YOUR GOAL: Could you restate the entries below word for word?

Collected data
****

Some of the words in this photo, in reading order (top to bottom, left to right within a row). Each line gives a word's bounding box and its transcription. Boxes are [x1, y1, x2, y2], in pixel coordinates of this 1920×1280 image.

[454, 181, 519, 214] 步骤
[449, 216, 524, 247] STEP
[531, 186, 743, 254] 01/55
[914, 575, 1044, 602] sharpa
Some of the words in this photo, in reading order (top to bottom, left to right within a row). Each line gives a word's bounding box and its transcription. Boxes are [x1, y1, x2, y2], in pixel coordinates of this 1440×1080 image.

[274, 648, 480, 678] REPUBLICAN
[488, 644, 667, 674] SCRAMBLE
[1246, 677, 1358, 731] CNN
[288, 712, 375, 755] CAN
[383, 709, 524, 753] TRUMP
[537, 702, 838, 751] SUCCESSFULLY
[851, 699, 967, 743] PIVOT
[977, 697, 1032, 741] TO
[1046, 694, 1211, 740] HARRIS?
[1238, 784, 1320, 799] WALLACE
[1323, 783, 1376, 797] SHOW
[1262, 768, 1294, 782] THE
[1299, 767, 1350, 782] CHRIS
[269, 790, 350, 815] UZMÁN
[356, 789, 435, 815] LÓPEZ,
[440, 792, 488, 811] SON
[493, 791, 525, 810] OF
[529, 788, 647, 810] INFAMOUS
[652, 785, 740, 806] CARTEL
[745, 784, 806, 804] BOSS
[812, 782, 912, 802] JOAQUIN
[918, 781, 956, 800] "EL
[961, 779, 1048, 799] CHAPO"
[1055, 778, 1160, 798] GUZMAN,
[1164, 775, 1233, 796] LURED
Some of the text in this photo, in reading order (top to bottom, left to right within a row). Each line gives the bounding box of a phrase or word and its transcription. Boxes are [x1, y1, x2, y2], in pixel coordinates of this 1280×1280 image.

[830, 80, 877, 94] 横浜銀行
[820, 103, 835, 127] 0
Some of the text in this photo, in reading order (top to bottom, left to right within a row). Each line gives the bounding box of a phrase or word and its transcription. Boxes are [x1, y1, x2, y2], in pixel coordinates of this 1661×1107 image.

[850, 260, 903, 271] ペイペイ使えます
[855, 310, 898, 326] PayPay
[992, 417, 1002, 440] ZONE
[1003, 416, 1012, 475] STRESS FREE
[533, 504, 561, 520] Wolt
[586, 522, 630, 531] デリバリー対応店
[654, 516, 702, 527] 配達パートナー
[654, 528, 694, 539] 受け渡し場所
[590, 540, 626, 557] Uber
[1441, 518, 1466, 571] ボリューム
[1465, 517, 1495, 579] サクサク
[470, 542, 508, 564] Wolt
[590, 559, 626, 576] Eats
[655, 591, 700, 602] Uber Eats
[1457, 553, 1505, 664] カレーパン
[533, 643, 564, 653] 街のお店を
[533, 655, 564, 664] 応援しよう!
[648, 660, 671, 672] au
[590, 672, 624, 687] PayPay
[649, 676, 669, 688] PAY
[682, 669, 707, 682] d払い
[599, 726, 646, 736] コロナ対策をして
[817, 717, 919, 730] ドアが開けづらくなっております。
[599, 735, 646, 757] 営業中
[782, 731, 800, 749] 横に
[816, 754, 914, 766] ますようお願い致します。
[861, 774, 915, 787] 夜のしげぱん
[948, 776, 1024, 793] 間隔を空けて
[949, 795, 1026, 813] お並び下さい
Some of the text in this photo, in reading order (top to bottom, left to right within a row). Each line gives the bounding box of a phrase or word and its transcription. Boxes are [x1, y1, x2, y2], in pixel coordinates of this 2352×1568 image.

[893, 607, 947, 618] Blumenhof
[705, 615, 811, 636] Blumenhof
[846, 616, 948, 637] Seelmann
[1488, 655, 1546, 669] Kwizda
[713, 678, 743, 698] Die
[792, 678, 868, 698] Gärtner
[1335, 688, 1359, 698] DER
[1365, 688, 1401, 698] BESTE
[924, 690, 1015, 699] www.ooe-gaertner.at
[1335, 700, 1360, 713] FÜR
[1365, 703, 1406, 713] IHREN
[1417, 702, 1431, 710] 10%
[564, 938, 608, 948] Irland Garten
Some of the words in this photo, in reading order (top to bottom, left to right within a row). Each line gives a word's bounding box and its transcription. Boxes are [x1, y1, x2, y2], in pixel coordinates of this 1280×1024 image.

****

TASK RESPONSE:
Some of the words in this photo, in reading order (top to bottom, left to right within a row). Each line gives a word's bounding box and its transcription. Boxes are [x1, y1, x2, y2], in pixel coordinates of this 1920×1280 image.

[454, 181, 519, 214] 步骤
[449, 216, 524, 247] STEP
[531, 186, 743, 254] 01/55
[914, 575, 1044, 602] sharpa
Some of the words in this photo, in reading order (top to bottom, left to right within a row). Each line gives a word's bounding box and its transcription. Boxes are [x1, y1, x2, y2], in pixel coordinates of this 1440×1080 image.

[274, 648, 480, 678] REPUBLICAN
[488, 644, 667, 674] SCRAMBLE
[1246, 677, 1358, 731] CNN
[288, 712, 375, 755] CAN
[383, 709, 524, 753] TRUMP
[537, 702, 838, 751] SUCCESSFULLY
[851, 699, 967, 743] PIVOT
[977, 697, 1032, 741] TO
[1046, 694, 1211, 740] HARRIS?
[1238, 784, 1320, 799] WALLACE
[1323, 783, 1376, 797] SHOW
[1262, 768, 1294, 782] THE
[1299, 767, 1350, 782] CHRIS
[269, 790, 350, 815] UZMÁN
[356, 789, 435, 815] LÓPEZ,
[440, 792, 488, 811] SON
[493, 791, 525, 810] OF
[529, 788, 647, 810] INFAMOUS
[652, 785, 740, 806] CARTEL
[745, 784, 806, 804] BOSS
[812, 782, 912, 802] JOAQUIN
[918, 781, 956, 800] "EL
[961, 779, 1048, 799] CHAPO"
[1055, 778, 1160, 798] GUZMAN,
[1164, 775, 1233, 796] LURED
Some of the text in this photo, in reading order (top to bottom, left to right within a row). Each line gives the bounding box of a phrase or word and its transcription. Boxes are [x1, y1, x2, y2], in pixel coordinates of this 1280×1280 image.

[830, 80, 877, 94] 横浜銀行
[820, 103, 835, 127] 0
Some of the text in this photo, in reading order (top to bottom, left to right within a row). Each line gives the bounding box of a phrase or word and its transcription. Boxes are [x1, y1, x2, y2], in pixel coordinates of this 1661×1107 image.

[850, 260, 903, 271] ペイペイ使えます
[855, 310, 898, 326] PayPay
[992, 417, 1002, 440] ZONE
[1003, 416, 1012, 475] STRESS FREE
[533, 504, 561, 520] Wolt
[586, 522, 630, 531] デリバリー対応店
[654, 516, 702, 527] 配達パートナー
[654, 528, 694, 539] 受け渡し場所
[590, 540, 626, 557] Uber
[1441, 518, 1466, 571] ボリューム
[1465, 517, 1495, 579] サクサク
[470, 542, 508, 564] Wolt
[590, 559, 626, 576] Eats
[655, 591, 700, 602] Uber Eats
[1457, 553, 1505, 664] カレーパン
[533, 643, 564, 653] 街のお店を
[533, 655, 564, 664] 応援しよう!
[648, 660, 671, 672] au
[590, 672, 624, 687] PayPay
[649, 676, 669, 688] PAY
[682, 669, 707, 682] d払い
[599, 726, 646, 736] コロナ対策をして
[817, 717, 919, 730] ドアが開けづらくなっております。
[599, 735, 646, 757] 営業中
[782, 731, 800, 749] 横に
[816, 754, 914, 766] ますようお願い致します。
[861, 774, 915, 787] 夜のしげぱん
[948, 776, 1024, 793] 間隔を空けて
[949, 795, 1026, 813] お並び下さい
Some of the text in this photo, in reading order (top to bottom, left to right within a row). Each line gives the bounding box of a phrase or word and its transcription. Boxes are [x1, y1, x2, y2], in pixel coordinates of this 2352×1568 image.

[893, 607, 947, 618] Blumenhof
[705, 615, 811, 636] Blumenhof
[846, 616, 948, 637] Seelmann
[1488, 655, 1546, 669] Kwizda
[713, 678, 743, 698] Die
[792, 678, 868, 698] Gärtner
[1335, 688, 1359, 698] DER
[1365, 688, 1401, 698] BESTE
[924, 690, 1015, 699] www.ooe-gaertner.at
[1335, 700, 1360, 713] FÜR
[1365, 703, 1406, 713] IHREN
[1417, 702, 1431, 710] 10%
[564, 938, 608, 948] Irland Garten
Some of the words in this photo, in reading order (top to bottom, left to right within a row). Each line gives a word's bounding box and its transcription. Boxes are [x1, y1, x2, y2], in pixel coordinates of this 1280×1024 image.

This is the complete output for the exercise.